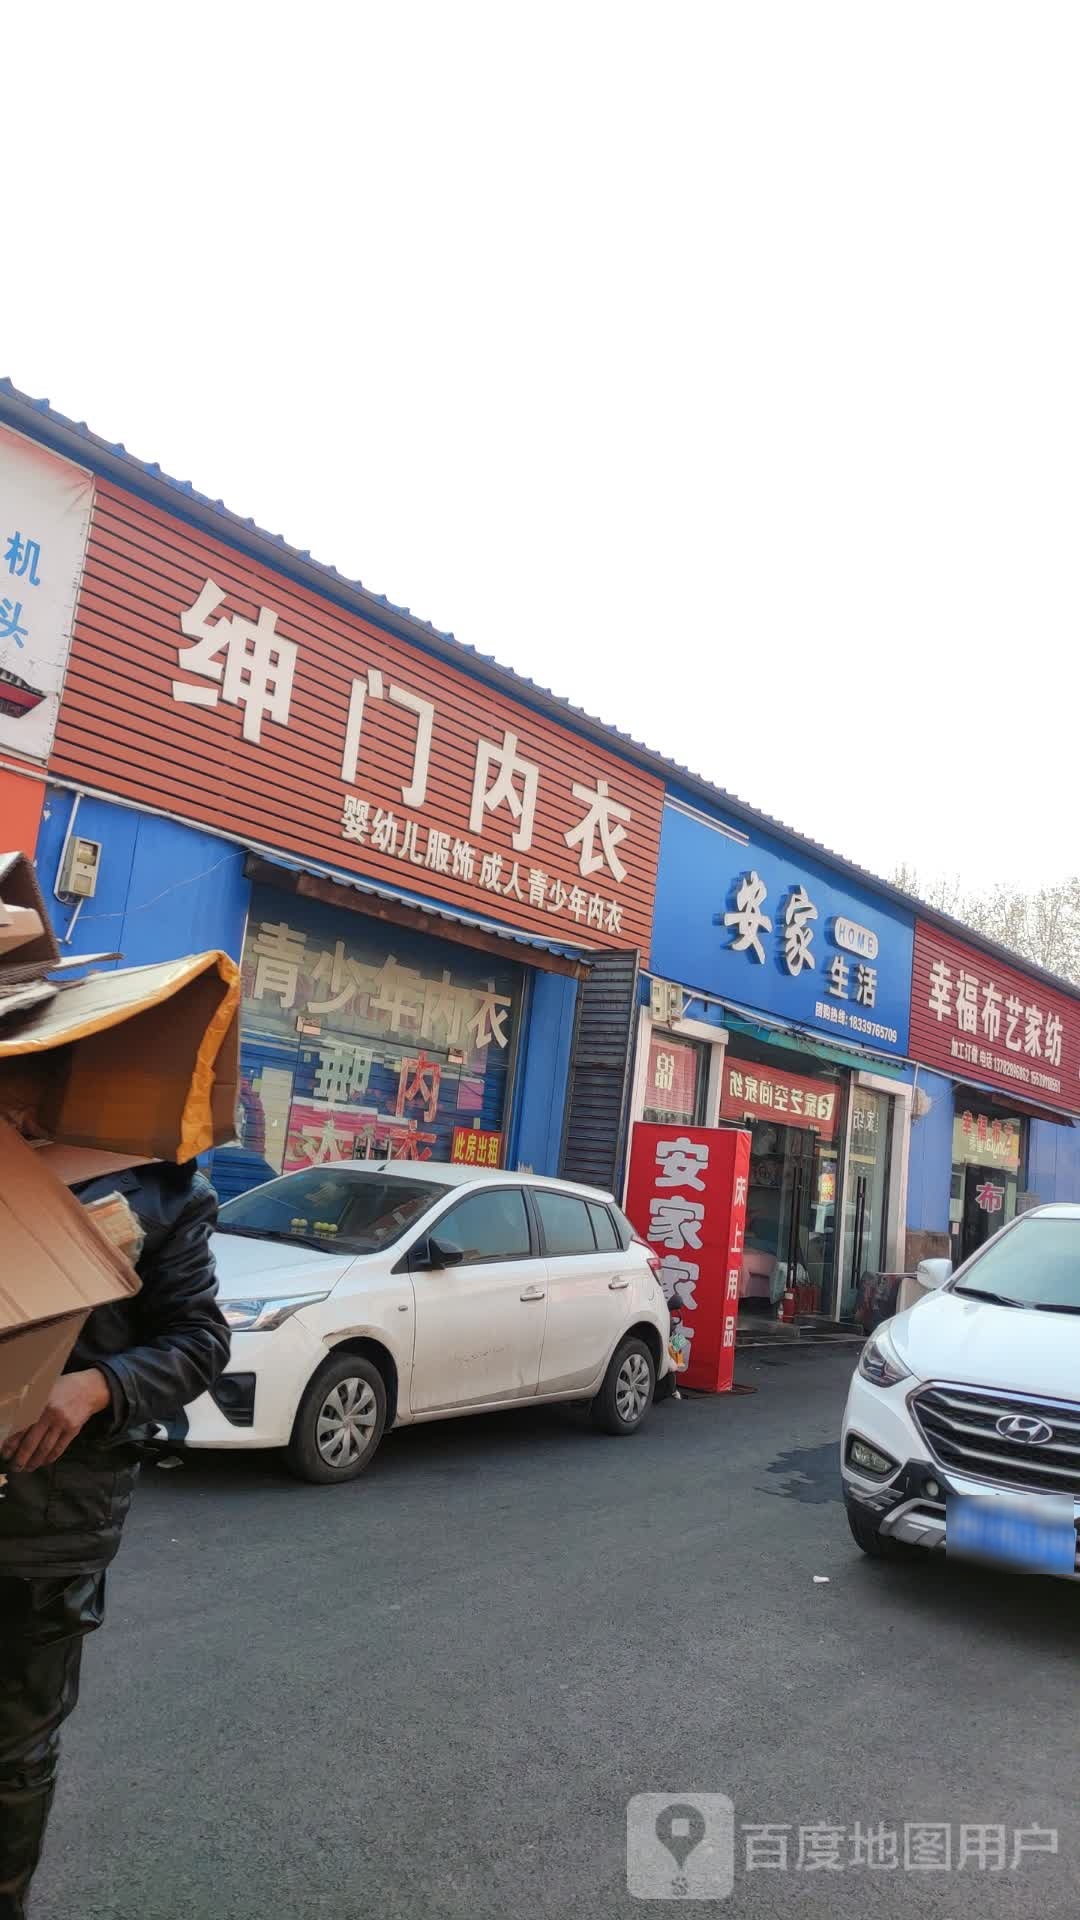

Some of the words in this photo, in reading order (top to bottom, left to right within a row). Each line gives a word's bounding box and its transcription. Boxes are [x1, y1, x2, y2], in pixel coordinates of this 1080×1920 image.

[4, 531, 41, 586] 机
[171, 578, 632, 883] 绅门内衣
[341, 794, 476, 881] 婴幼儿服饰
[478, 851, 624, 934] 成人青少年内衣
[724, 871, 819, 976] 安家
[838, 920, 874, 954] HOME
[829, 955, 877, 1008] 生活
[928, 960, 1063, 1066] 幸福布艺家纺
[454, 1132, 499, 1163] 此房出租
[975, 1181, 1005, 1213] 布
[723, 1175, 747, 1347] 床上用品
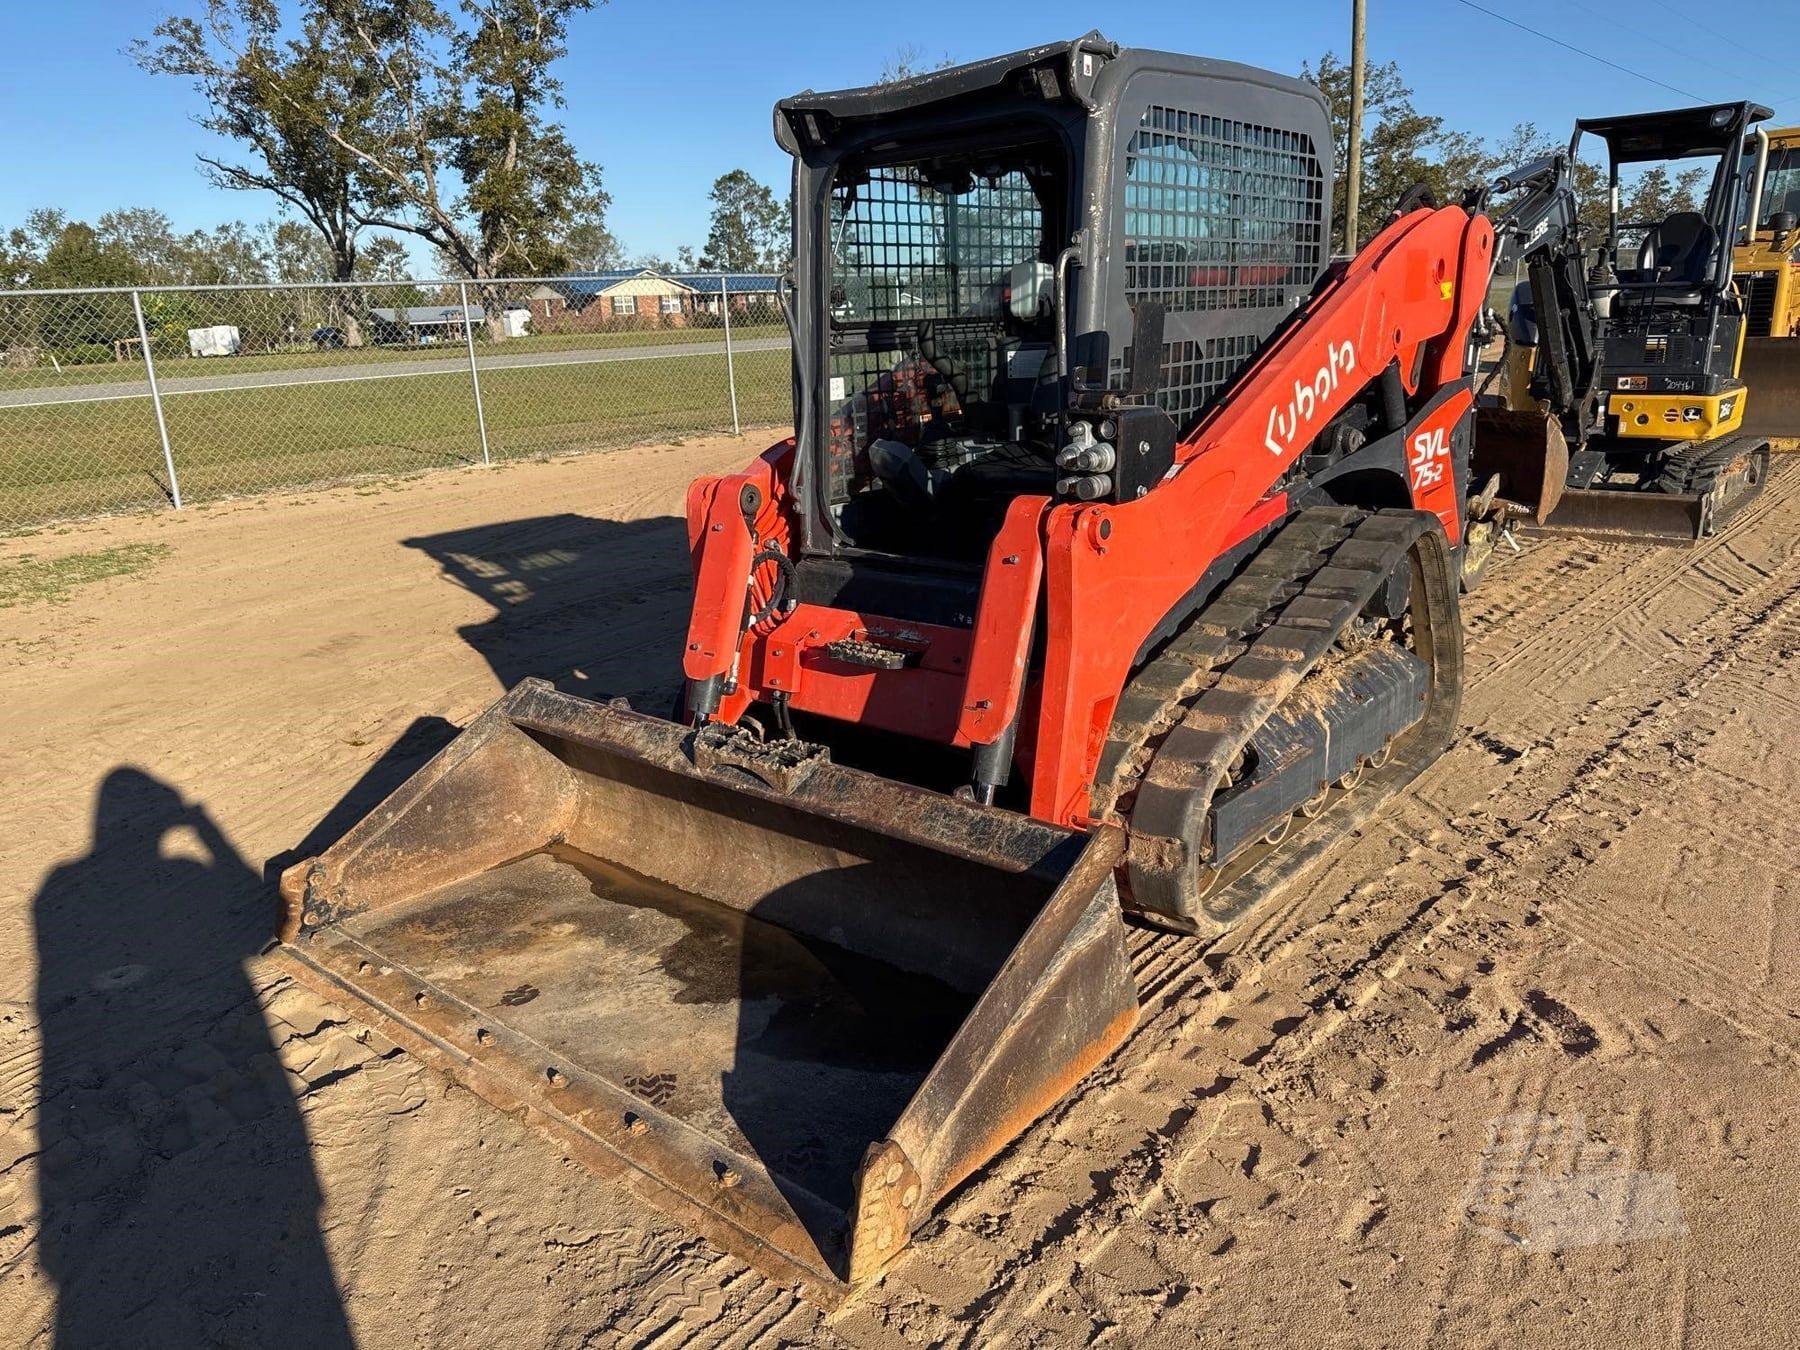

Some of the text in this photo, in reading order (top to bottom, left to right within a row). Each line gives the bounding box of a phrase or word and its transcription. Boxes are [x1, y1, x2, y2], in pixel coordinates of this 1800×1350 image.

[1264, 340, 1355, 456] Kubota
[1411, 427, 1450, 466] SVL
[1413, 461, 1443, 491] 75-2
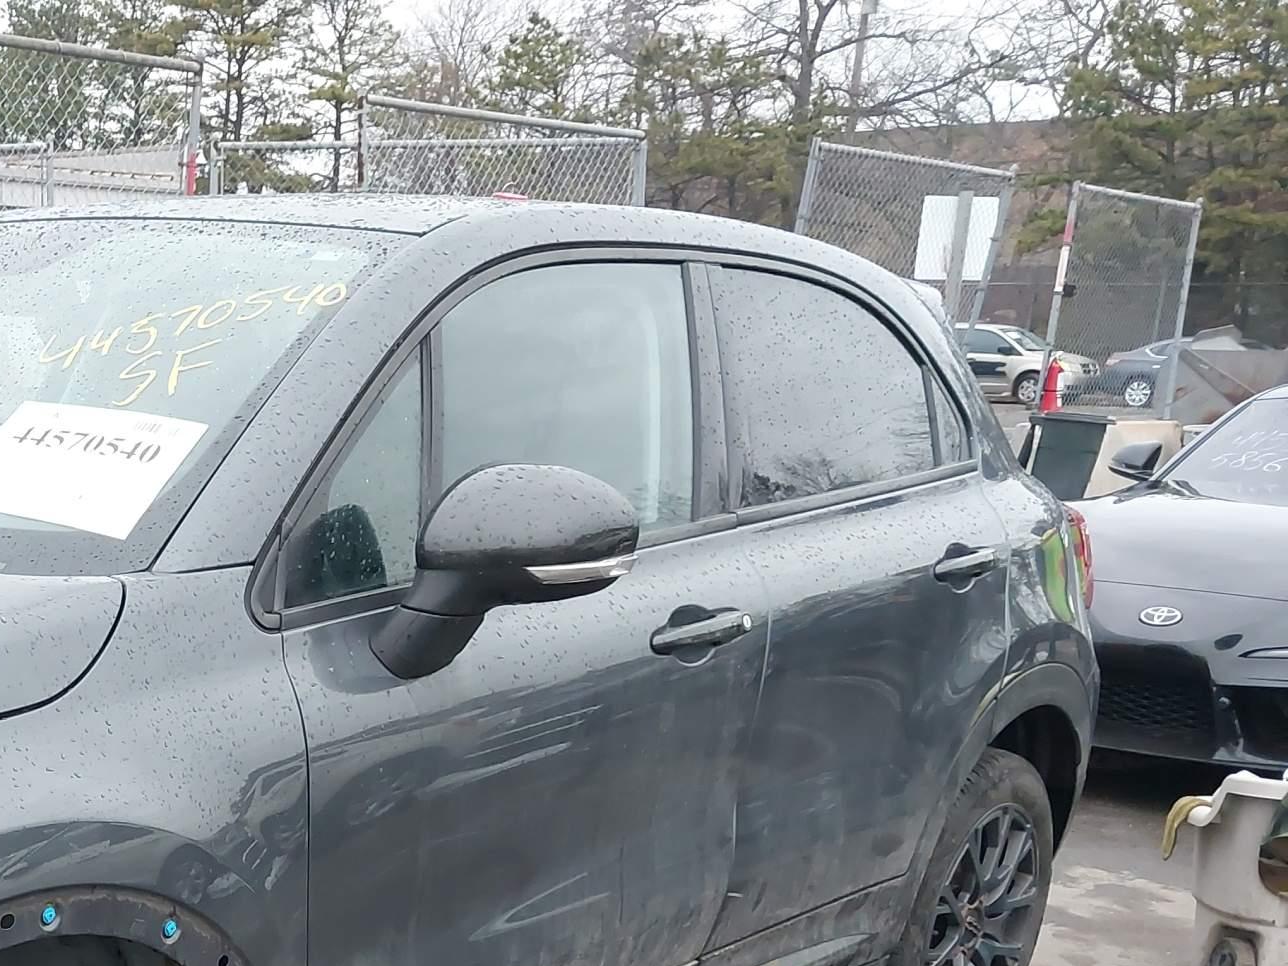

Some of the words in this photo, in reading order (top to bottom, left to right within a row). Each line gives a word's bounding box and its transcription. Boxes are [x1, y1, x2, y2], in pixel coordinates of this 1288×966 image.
::::
» **DIRECTIONS**
With the pictures removed, return the data above word for word.

» **ANSWER SECTION**
Some of the words in this photo, in reading order (top to bottom, left to right within a row). Each line gives a word's bounding box and its transcription. Boxes are [x1, y1, x2, y2], in pixel coordinates of this 1080×1920 image.

[4, 531, 41, 586] 机
[171, 578, 632, 883] 绅门内衣
[341, 794, 476, 881] 婴幼儿服饰
[478, 851, 624, 934] 成人青少年内衣
[724, 871, 819, 976] 安家
[838, 920, 874, 954] HOME
[829, 955, 877, 1008] 生活
[928, 960, 1063, 1066] 幸福布艺家纺
[454, 1132, 499, 1163] 此房出租
[975, 1181, 1005, 1213] 布
[723, 1175, 747, 1347] 床上用品

Some of the text in this photo, in reading order (top to bottom, left to right within a row). Each line gives the bounding box of a phrase or word and its transcription. Boxes are [x1, y1, x2, y2], in pixel coordinates of this 1800×1350 image.

[1264, 340, 1355, 456] Kubota
[1411, 427, 1450, 466] SVL
[1413, 461, 1443, 491] 75-2

Some of the words in this photo, in reading order (top to bottom, left to right within a row). Each line gives a word's bounding box and its transcription. Boxes are [x1, y1, x2, y2], in pixel coordinates of this 1288×966 image.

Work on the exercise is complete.